Hierzu berichtet der Blog Saatkorn über das prominente Beispiel von Aldi Süd. Demnach hat sich das HR-Team dazu entschieden, die Suche nach dem künftigen CHRO selbst in die Hand zu nehmen und die Erwartungen an den künftigen Stelleninhaber in einem Kurzvideo zu formulieren und auf LinkedIn zu posten. Das Ergebnis: Bereits nach der ersten Woche hat das Unternehmen 50 Bewerbungen und Empfehlungen erhalten, 18 dieser Kandidaten wurden von Aldi Süd als „A-Kandidaten“ bewertet. Ein herausragendes Resultat, wenn man bedenkt, wo Kosten und Ergebnisse bei Personalberatungen liegen, die üblicherweise für Besetzungen auf diesem Level beauftragt werden.
Praxistipps:
- Candidate first!

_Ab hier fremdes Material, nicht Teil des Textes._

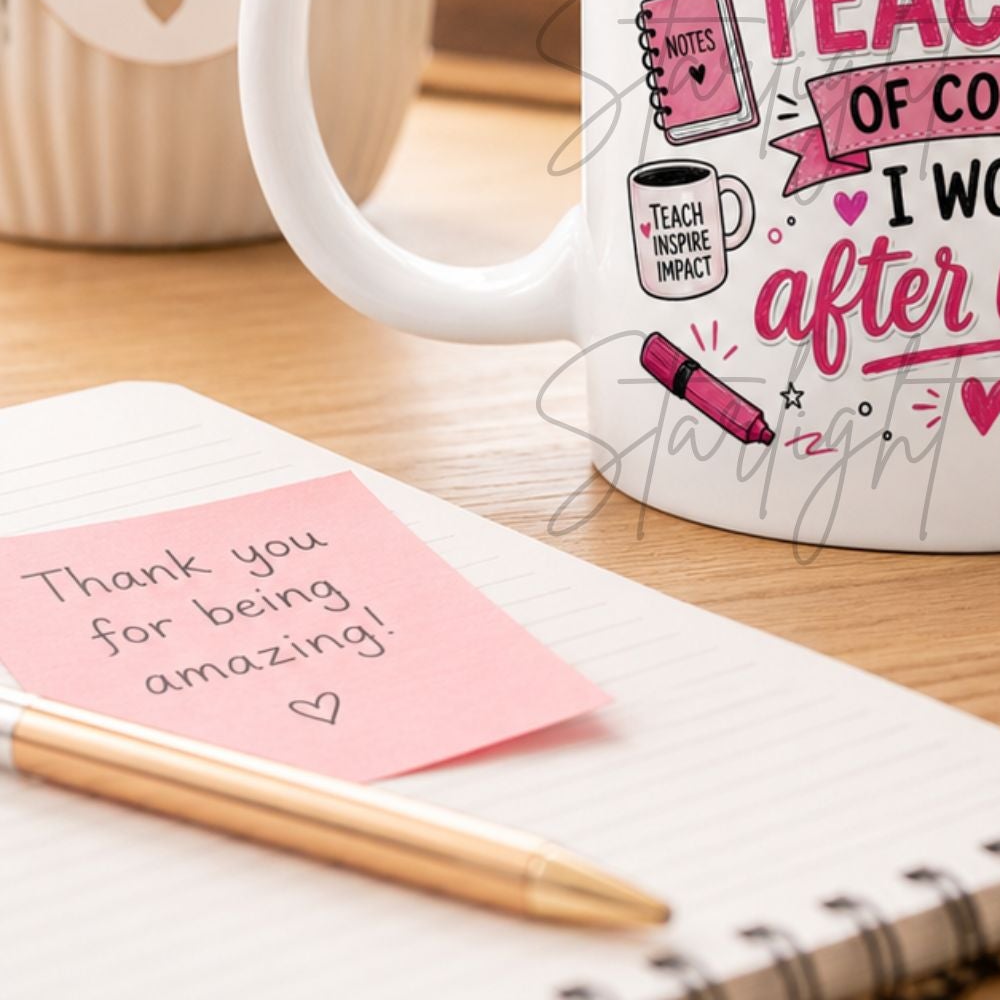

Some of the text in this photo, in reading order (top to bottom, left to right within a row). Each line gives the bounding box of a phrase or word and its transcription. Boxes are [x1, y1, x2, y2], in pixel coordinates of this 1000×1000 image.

[664, 28, 717, 59] NOTES
[849, 78, 910, 134] OF
[649, 202, 704, 230] TEACH
[882, 165, 913, 228] I
[653, 229, 712, 256] INSPIRE
[657, 255, 712, 283] IMPACT
[754, 240, 973, 377] after
[20, 531, 328, 603] Thank you
[91, 579, 351, 657] for being
[145, 606, 395, 695] amazing!
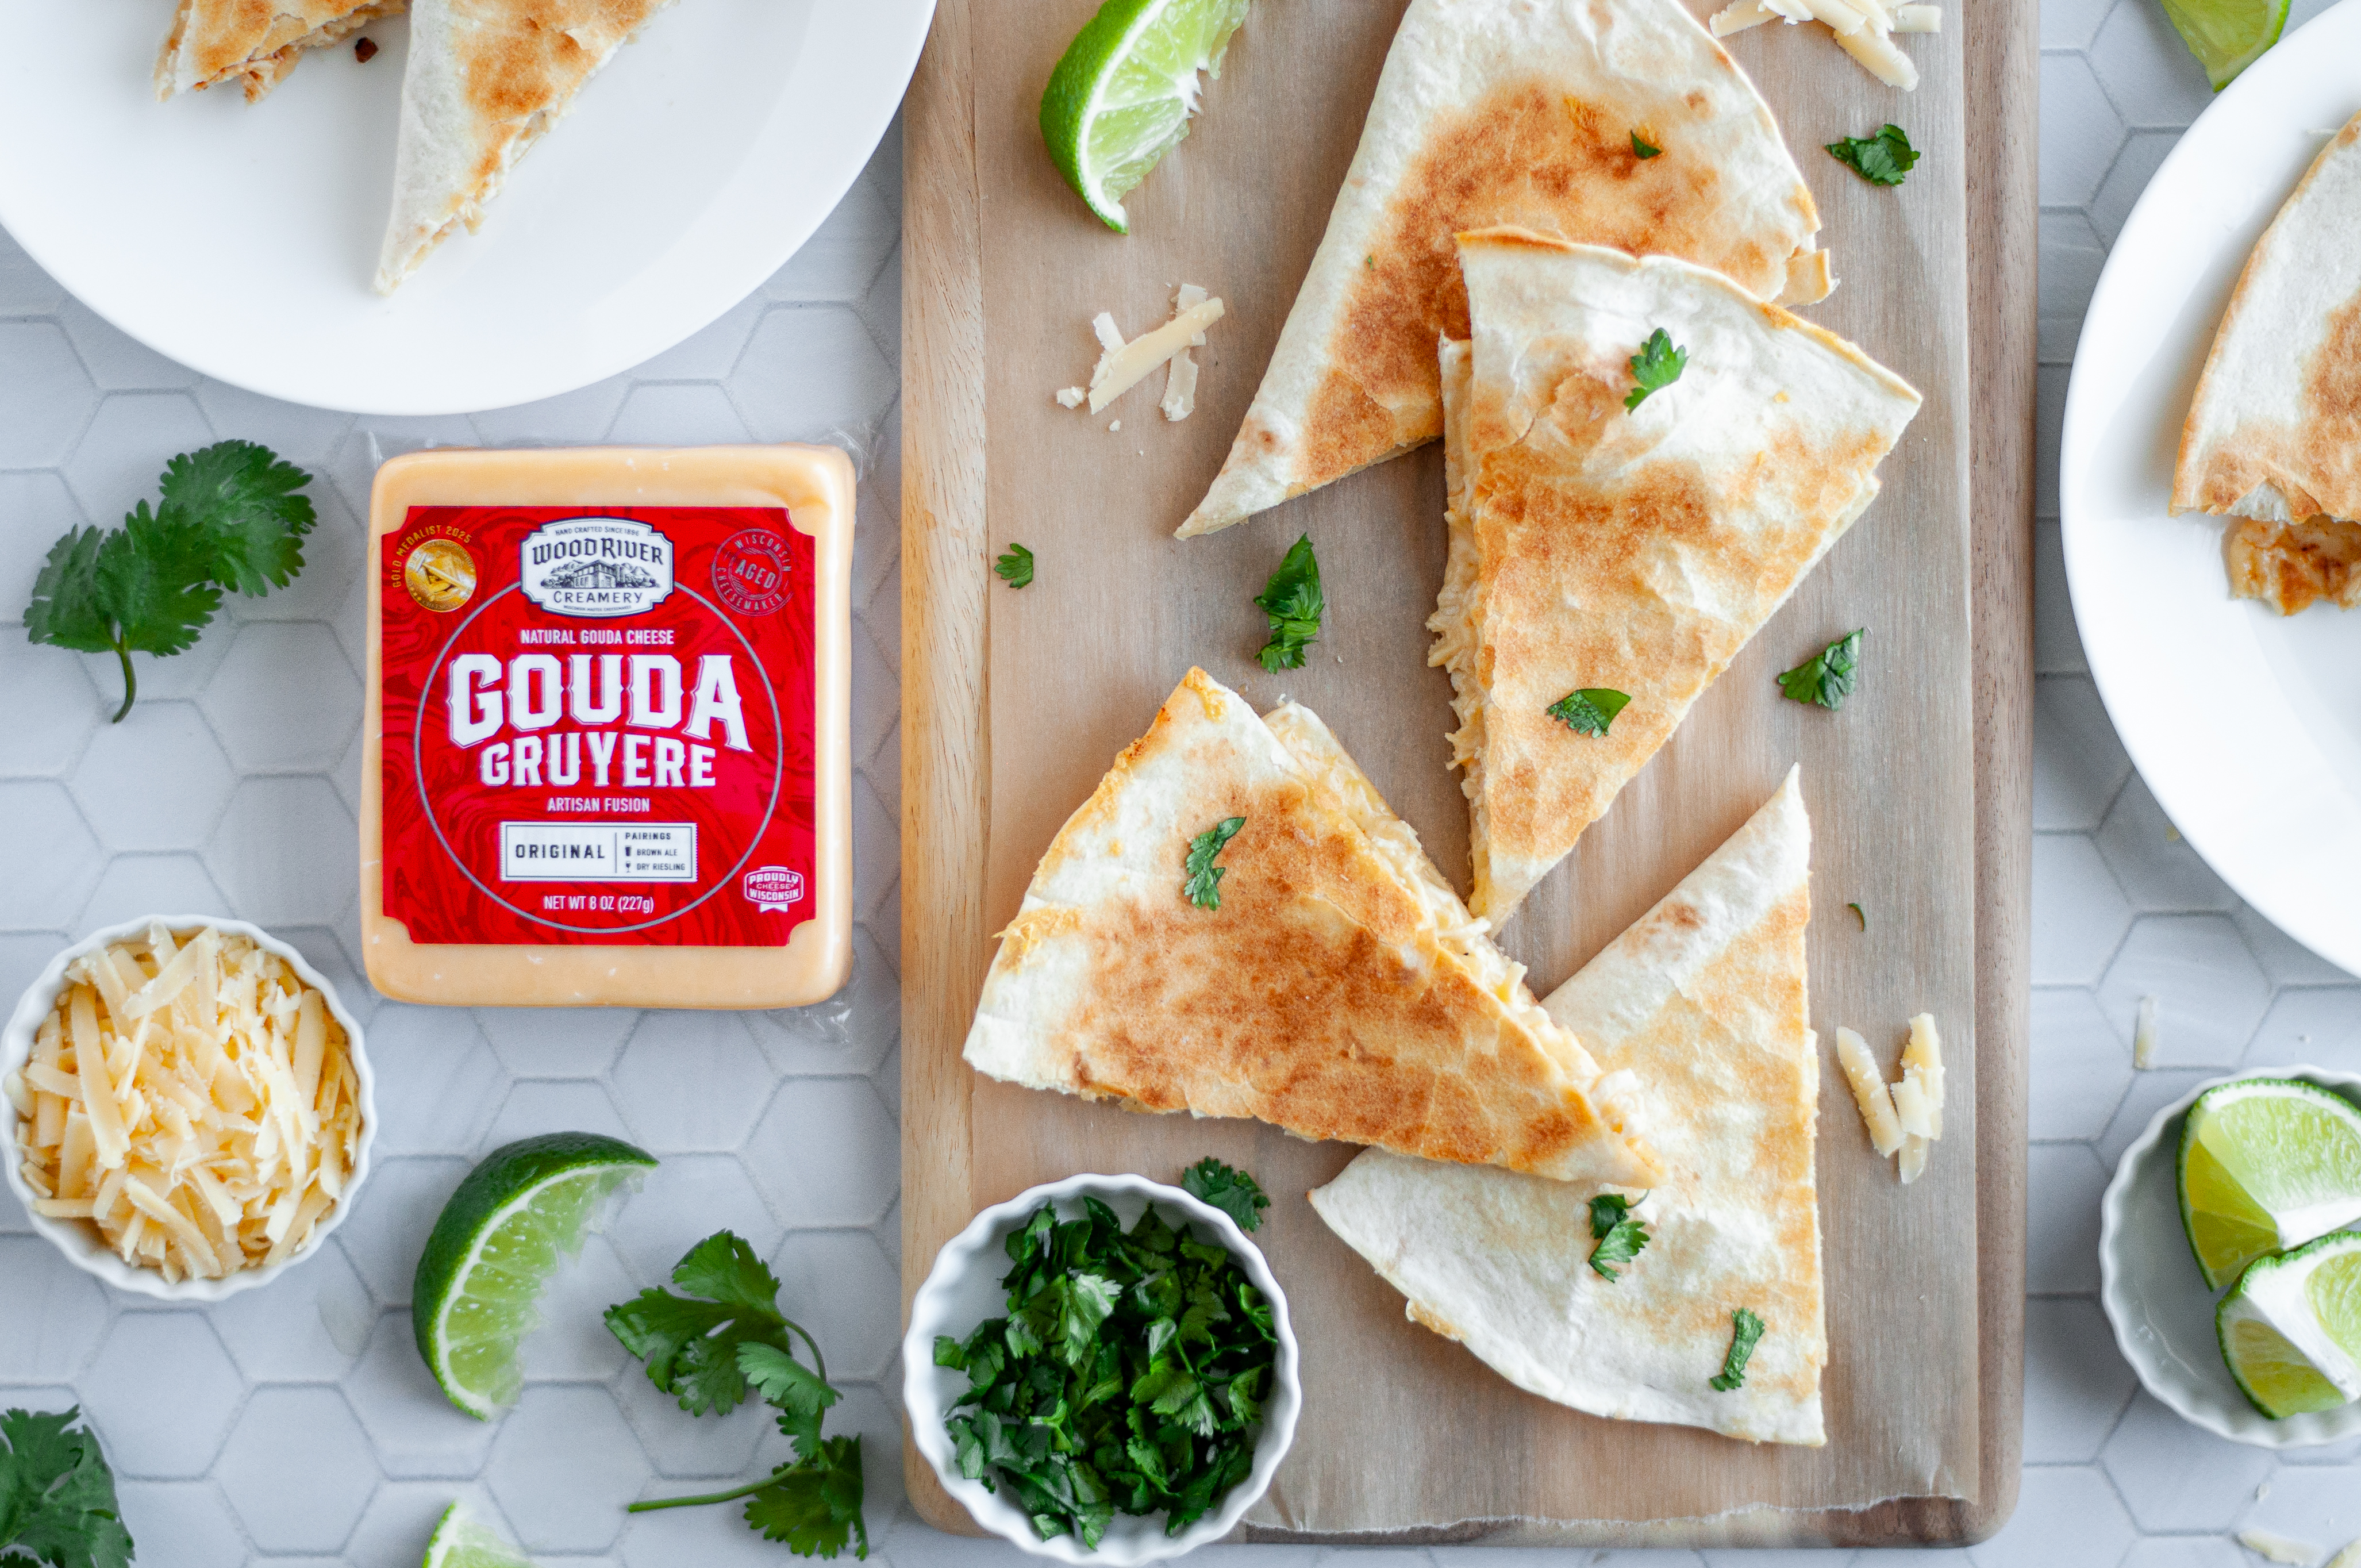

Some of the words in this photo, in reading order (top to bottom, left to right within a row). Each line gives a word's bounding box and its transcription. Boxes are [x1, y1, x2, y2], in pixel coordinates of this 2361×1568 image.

[734, 535, 792, 571] WISCONSIN
[735, 559, 776, 589] AGED
[553, 590, 643, 603] CREAMERY
[520, 629, 576, 645] NATURAL
[580, 629, 622, 645] GOUDA
[625, 629, 675, 645] CHEESE
[446, 654, 753, 752] GOUDA
[479, 731, 716, 787] GRUYERE
[547, 797, 599, 813] ARTISAN
[603, 797, 650, 812] FUSION
[516, 844, 605, 859] ORIGINAL
[637, 848, 662, 856] BROWN
[749, 873, 799, 885] PROUDLY
[749, 887, 799, 901] WISCONSIN
[544, 896, 566, 910] NET
[568, 896, 587, 910] WT
[589, 896, 597, 910] 8
[600, 896, 614, 910] OZ
[617, 896, 655, 914] (227g)

Was möchte der Interessent über eine Stelle wissen und von wem? Für einen angehenden Azubi kann es beispielsweise interessant sein, die Agenda des Ausbildungsleiters kennen zu lernen und Erfahrungsberichte von anderen Azubis und bereits Ausgelernten zu hören. Das bedeutet vor allen Dingen:
- Beziehen Sie die Fachbereiche mit ein. Sie sind letztendlich diejenigen, die Kandidaten suchen und Gesicht zeigen sollten.
- Authentizität vor Hochglanz: Schaffen Sie Augenhöhe zum Kandidaten und senken Sie Hemmschwellen, indem Sie auf aufwändige Produktionen verzichten. Filmen Sie beispielsweise mit Ihrem Smartphone und versuchen Sie einfach, Sie selbst zu sein.

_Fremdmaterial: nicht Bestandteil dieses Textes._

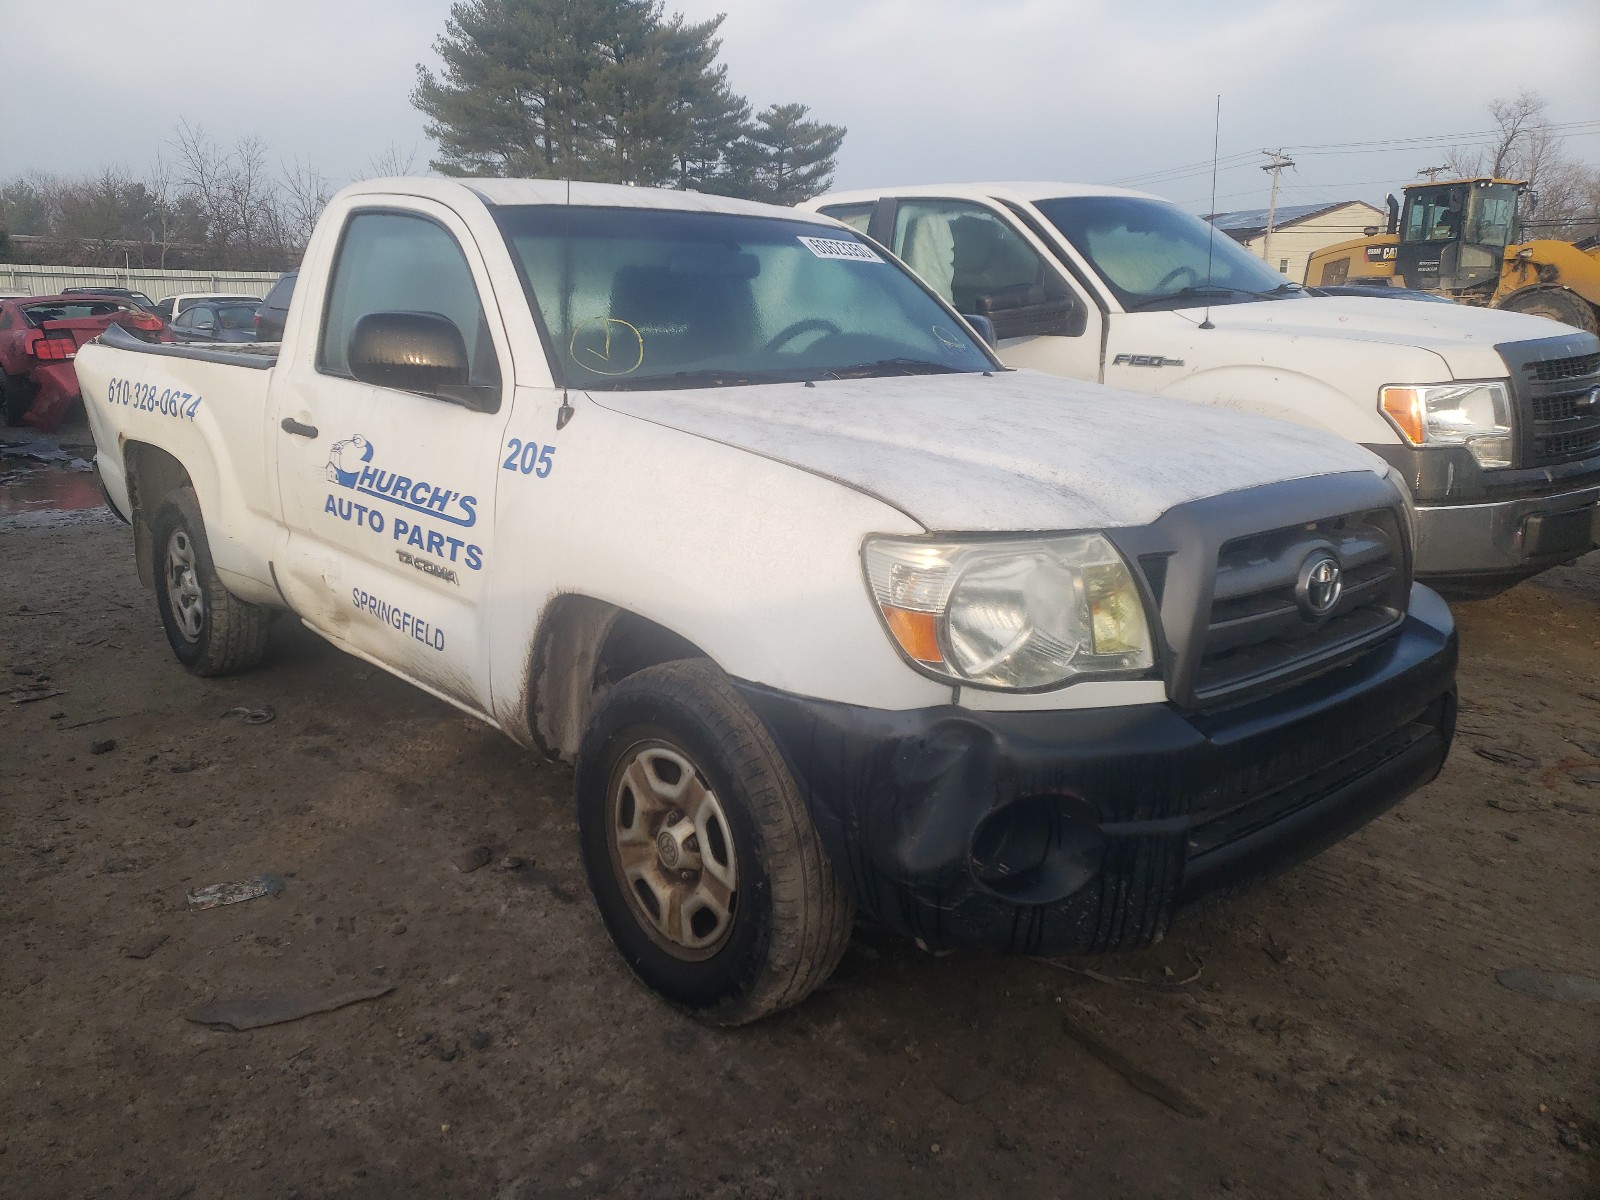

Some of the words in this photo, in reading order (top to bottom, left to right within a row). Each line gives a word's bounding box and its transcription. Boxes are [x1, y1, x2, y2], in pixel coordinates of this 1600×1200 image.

[502, 438, 556, 479] 205
[324, 494, 385, 533] AUTO
[393, 518, 484, 571] PARTS
[396, 549, 460, 586] TACOMA
[352, 587, 445, 651] SPRINGFIELD

- Erreichen Sie die Kandidaten dort, wo sie sind. Wenn man den Weg geht, Videos aufzunehmen, sollte man sie auch dort ausspielen, wo Sie die passenden Kandidaten vermuten. Egal, ob auf Instagram, Facebook oder LinkedIn.
Variante 2: Ermöglichen Sie Video-Bewerbungen
Vereinfacht gesagt handelt es sich um die Möglichkeit für die Kandidaten, sich (idealerweise auf eine Video-Stellenanzeige hin) direkt mit einem Video zu bewerben. Ob die Unternehmen dabei zusätzliche Unterlagen anfordern, ist fallabhängig. Bei bestimmten Positionen (Azubis, Aushilfen, Vertrieb, LKW-Fahrer) setzen einige unserer Kunden zunächst auf die reine Bewerbung per Video.

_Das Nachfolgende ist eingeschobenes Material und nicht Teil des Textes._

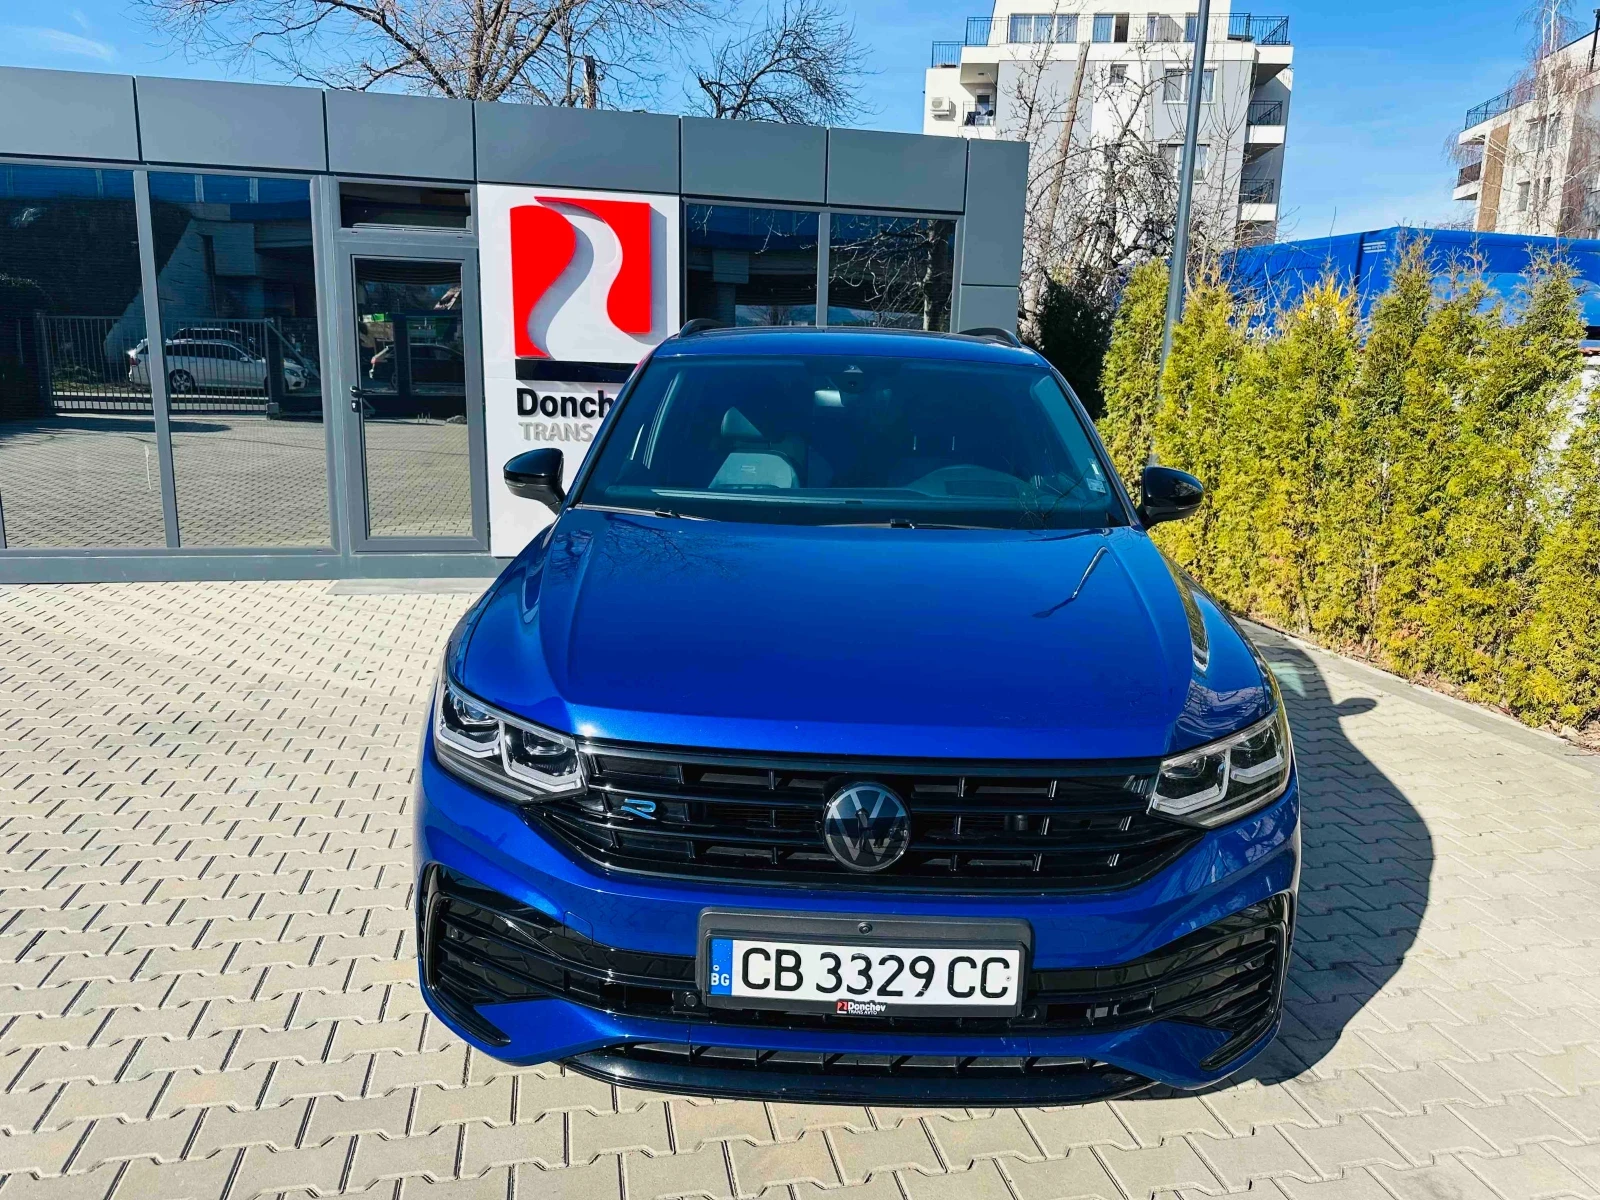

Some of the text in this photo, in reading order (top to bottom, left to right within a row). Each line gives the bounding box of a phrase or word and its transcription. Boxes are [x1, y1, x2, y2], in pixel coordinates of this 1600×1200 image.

[516, 387, 615, 419] Donch
[518, 421, 594, 442] TRANS
[710, 972, 730, 987] BG
[741, 946, 1011, 999] CB 3329 CC
[848, 1002, 887, 1012] Donchev

Praxistipp: Haben Sie den Mut, auf Video zu vertrauen. Der Reiz einer Video-Bewerbung liegt in ihrer Einfachheit. Braucht man bei einem Azubi einen Lebenslauf? Was steht bei einem 16-jährigen in den meisten Fällen Interessantes darin?
Der Aufruf zu einer Video-Bewerbung sollte natürlich in Form einer Video-Botschaft erfolgen. Sagen Sie kurz „hallo“, stellen Sie sich kurz vor und bitten Sie den Kandidaten darum, es Ihnen gleich zu tun.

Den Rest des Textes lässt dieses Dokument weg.